Items listed in a dataset:
-------------------------
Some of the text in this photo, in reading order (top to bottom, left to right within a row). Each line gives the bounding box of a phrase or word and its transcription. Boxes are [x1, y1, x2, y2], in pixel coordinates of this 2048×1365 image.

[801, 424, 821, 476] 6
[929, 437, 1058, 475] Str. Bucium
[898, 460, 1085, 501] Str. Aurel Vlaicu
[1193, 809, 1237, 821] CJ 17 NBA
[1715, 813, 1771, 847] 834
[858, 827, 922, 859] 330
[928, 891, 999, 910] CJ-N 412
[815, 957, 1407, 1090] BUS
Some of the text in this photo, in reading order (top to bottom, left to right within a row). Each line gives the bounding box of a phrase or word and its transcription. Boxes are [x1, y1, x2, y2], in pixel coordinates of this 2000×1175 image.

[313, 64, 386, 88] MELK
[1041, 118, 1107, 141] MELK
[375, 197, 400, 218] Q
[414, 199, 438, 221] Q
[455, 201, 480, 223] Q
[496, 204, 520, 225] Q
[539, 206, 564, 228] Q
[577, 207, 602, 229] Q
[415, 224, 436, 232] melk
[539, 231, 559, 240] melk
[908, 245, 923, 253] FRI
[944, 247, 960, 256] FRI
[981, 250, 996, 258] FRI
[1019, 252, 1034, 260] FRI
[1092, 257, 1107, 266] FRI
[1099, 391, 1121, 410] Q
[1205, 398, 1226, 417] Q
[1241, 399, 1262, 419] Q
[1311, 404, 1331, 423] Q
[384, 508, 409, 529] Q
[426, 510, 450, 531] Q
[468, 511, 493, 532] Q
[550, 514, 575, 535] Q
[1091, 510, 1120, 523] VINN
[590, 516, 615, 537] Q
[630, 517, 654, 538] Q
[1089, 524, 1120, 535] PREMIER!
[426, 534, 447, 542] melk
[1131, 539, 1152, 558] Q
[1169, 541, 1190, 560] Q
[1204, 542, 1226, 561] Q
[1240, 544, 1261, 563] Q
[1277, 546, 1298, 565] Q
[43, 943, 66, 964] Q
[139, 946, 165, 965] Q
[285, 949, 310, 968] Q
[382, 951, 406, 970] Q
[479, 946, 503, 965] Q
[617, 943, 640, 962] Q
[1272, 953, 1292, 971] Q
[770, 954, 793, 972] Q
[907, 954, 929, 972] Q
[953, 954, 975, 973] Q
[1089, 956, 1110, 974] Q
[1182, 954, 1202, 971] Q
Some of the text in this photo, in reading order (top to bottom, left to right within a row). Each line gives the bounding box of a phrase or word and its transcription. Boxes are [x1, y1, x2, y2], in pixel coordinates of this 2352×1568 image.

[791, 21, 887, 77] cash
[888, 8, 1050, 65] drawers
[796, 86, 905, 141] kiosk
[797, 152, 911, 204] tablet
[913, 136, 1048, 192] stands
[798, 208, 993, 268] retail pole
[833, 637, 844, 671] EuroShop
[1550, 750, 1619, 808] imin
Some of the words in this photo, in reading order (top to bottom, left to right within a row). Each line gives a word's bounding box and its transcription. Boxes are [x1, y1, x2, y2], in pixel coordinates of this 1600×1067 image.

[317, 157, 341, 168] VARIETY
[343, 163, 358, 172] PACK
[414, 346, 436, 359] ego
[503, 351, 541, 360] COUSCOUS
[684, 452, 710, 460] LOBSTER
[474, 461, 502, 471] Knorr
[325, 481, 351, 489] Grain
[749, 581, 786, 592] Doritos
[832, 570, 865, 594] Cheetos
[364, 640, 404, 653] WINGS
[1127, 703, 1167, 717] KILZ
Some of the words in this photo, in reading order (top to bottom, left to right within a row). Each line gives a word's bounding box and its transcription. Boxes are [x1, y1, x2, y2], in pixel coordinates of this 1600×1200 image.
-------------------------
## [EXERCISE AIM]
Starting at the line with "this 2352×1568 image.", copy each line through the end of the data, both ends included, and give nothing else.

## [SOLUTION FOR THIS EXERCISE]
Some of the text in this photo, in reading order (top to bottom, left to right within a row). Each line gives the bounding box of a phrase or word and its transcription. Boxes are [x1, y1, x2, y2], in pixel coordinates of this 2352×1568 image.

[791, 21, 887, 77] cash
[888, 8, 1050, 65] drawers
[796, 86, 905, 141] kiosk
[797, 152, 911, 204] tablet
[913, 136, 1048, 192] stands
[798, 208, 993, 268] retail pole
[833, 637, 844, 671] EuroShop
[1550, 750, 1619, 808] imin
Some of the words in this photo, in reading order (top to bottom, left to right within a row). Each line gives a word's bounding box and its transcription. Boxes are [x1, y1, x2, y2], in pixel coordinates of this 1600×1067 image.

[317, 157, 341, 168] VARIETY
[343, 163, 358, 172] PACK
[414, 346, 436, 359] ego
[503, 351, 541, 360] COUSCOUS
[684, 452, 710, 460] LOBSTER
[474, 461, 502, 471] Knorr
[325, 481, 351, 489] Grain
[749, 581, 786, 592] Doritos
[832, 570, 865, 594] Cheetos
[364, 640, 404, 653] WINGS
[1127, 703, 1167, 717] KILZ
Some of the words in this photo, in reading order (top to bottom, left to right within a row). Each line gives a word's bounding box and its transcription. Boxes are [x1, y1, x2, y2], in pixel coordinates of this 1600×1200 image.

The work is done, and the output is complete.